Abstract Background The basal metabolic rate (BMR) of a mammal of mass M is commonly described by the power function αM β where α and β are constants determined by linear regression of the logarithm of BMR on the logarithm of M (i. e., β is the slope and α is the intercept in regression analysis). Since Kleiber's demonstration that, for 13 measurements of BMR, the logarithm of BMR is closely approximated by a straight line with slope 0.75, it has often been assumed that the value of β is exactly 3/4 (Kleiber's law). Results For two large collections of BMR data (n = 391 and n = 619 species), the logarithm of BMR is not a linear function of the logarithm of M but is a function with increasing slope as M increases. The increasing slope is explained by a multi-compartment model incorporating three factors: 1) scaling of brain tissue and the tissues that form the surface epithelium of the skin and gastrointestinal tract, 2) scaling of tissues such as muscle that scale approximately proportionally to body mass, and 3) allometric scaling of the metabolic rate per unit cell mass.
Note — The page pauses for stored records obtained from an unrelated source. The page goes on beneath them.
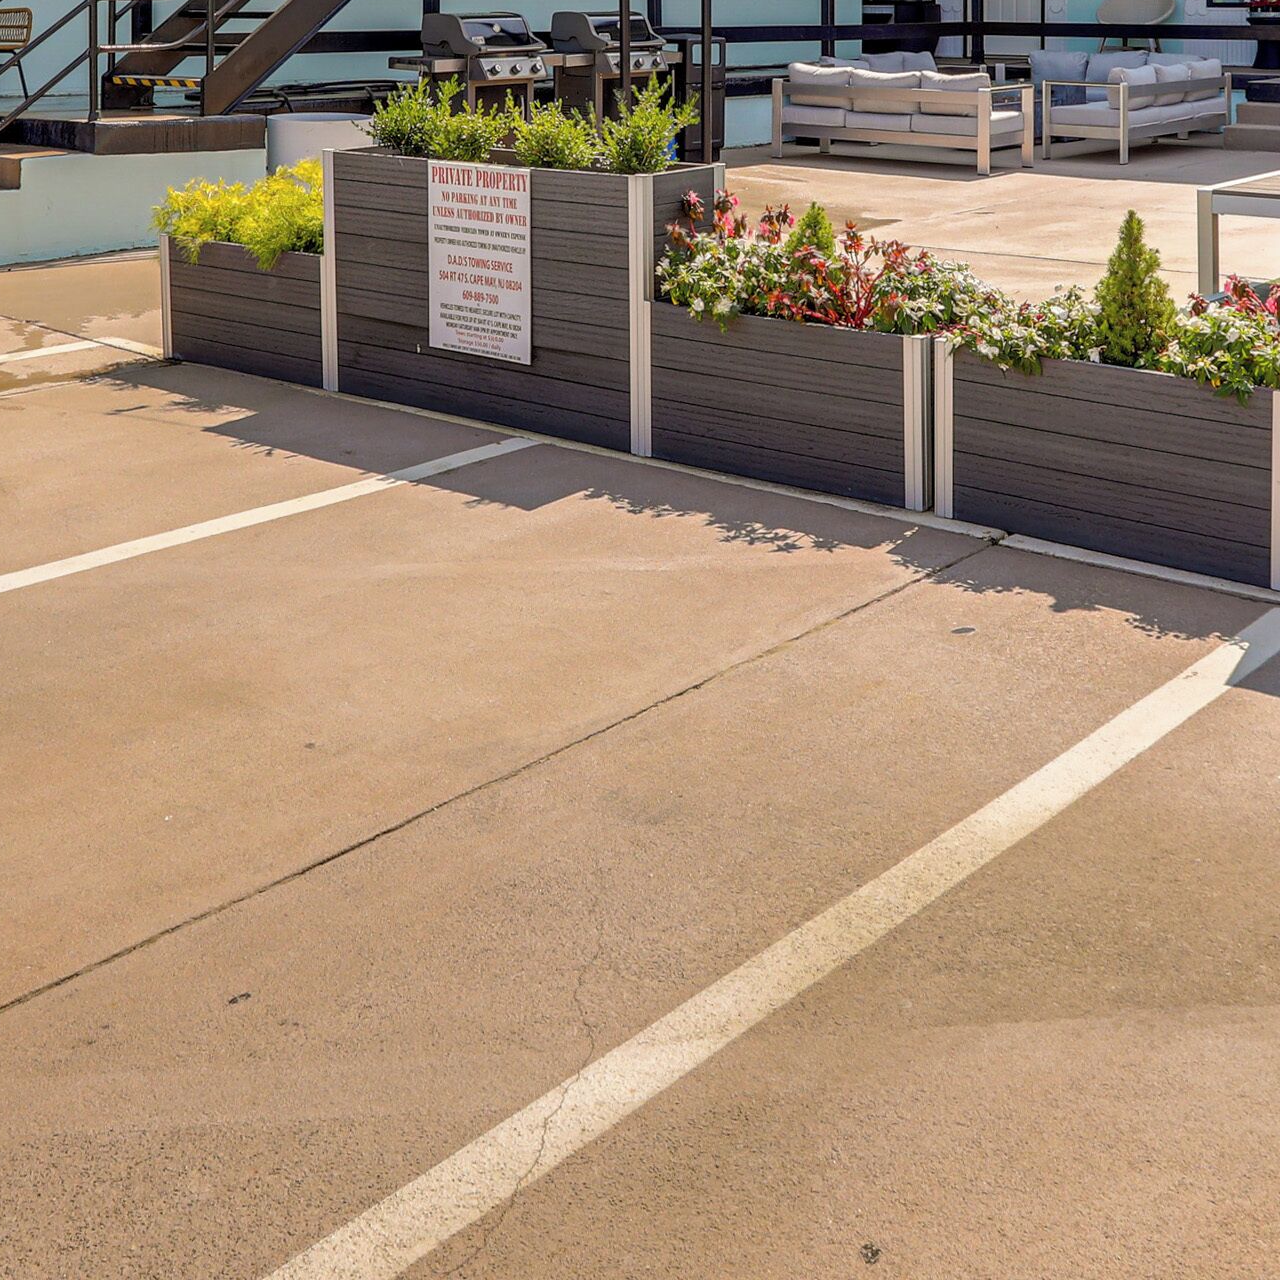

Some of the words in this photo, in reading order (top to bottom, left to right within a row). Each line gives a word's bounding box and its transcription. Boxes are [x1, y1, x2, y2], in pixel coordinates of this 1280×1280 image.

[432, 167, 472, 187] PRIVATE
[476, 170, 527, 192] PROPERTY
[441, 191, 450, 202] NO
[452, 192, 478, 205] PARKING
[480, 195, 487, 206] AT
[490, 196, 501, 207] ANY
[503, 197, 517, 209] TIME
[433, 206, 454, 218] UNLESS
[457, 208, 494, 223] AUTHORIZED
[496, 212, 503, 224] BY
[506, 213, 526, 226] OWNER
[469, 257, 490, 270] TOWING
[491, 260, 512, 273] SERVICE
[439, 270, 448, 281] 504
[450, 272, 456, 282] RT
[458, 273, 464, 283] 47
[470, 274, 483, 285] CAPE
[498, 278, 504, 288] NJ
[506, 279, 522, 291] 08204
The model predicts that the scaling exponent for small mammals (body weight < 0.2 kg) should be less than the exponent for large mammals (> 10 kg). For the simplest multi-compartment model, the two-compartment model, predictions are shown to be consistent with results of analysis using regression models that are first-order and second-order polynomials of log(M). The two-compartment model fits BMR data significantly better than Kleiber's law does. Conclusion The F test for reduction of variance shows that the simplest multi-compartment allometric model, the two-compartment model, fits BMR data significantly better than Kleiber's law does and explains the upward curvature observed in the BMR.